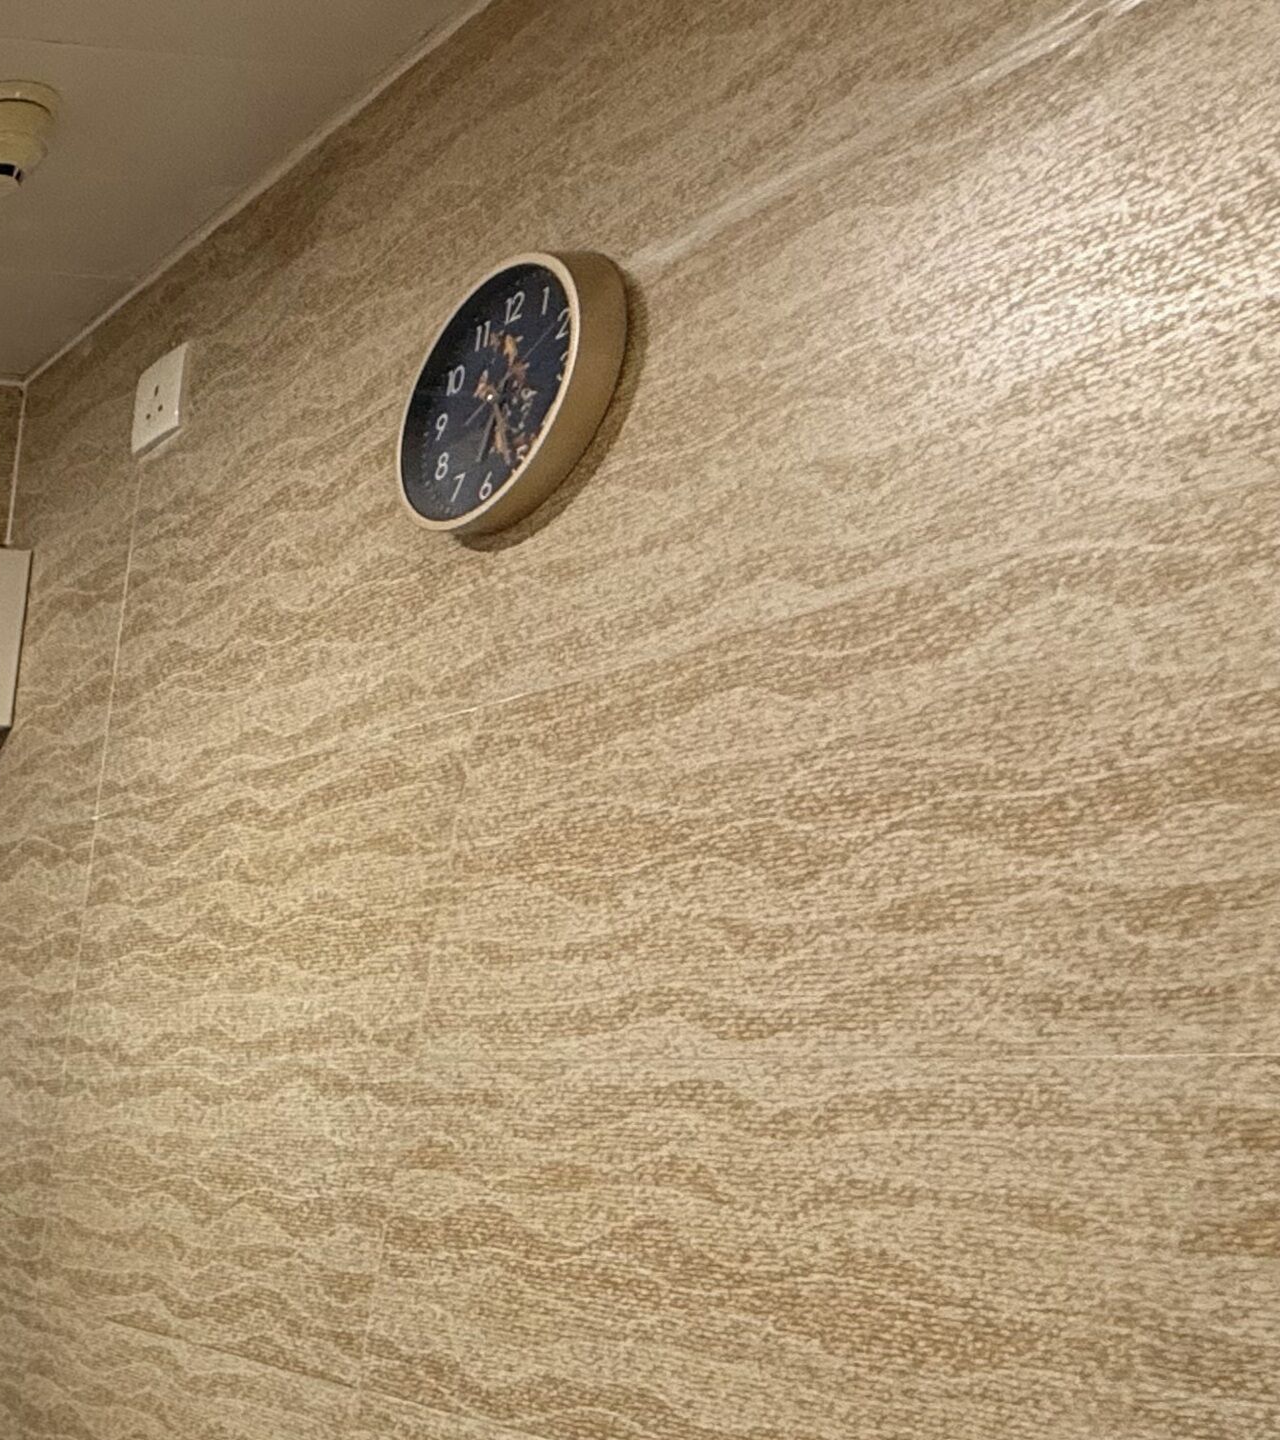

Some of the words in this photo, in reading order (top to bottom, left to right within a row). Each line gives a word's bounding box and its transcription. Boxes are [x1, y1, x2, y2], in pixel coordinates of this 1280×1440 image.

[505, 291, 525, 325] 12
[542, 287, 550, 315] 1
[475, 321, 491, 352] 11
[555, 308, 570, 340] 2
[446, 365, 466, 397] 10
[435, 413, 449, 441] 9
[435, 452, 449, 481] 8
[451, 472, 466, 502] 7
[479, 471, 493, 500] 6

· · · · · · ·

WHAT THE EXERCISE ASKS: Make an exact copy of every entry above, but keep the pictures out of it.

SOLUTION TO THIS TASK:
Some of the words in this photo, in reading order (top to bottom, left to right within a row). Each line gives a word's bounding box and its transcription. Boxes are [x1, y1, x2, y2], in pixel coordinates of this 1280×1440 image.

[505, 291, 525, 325] 12
[542, 287, 550, 315] 1
[475, 321, 491, 352] 11
[555, 308, 570, 340] 2
[446, 365, 466, 397] 10
[435, 413, 449, 441] 9
[435, 452, 449, 481] 8
[451, 472, 466, 502] 7
[479, 471, 493, 500] 6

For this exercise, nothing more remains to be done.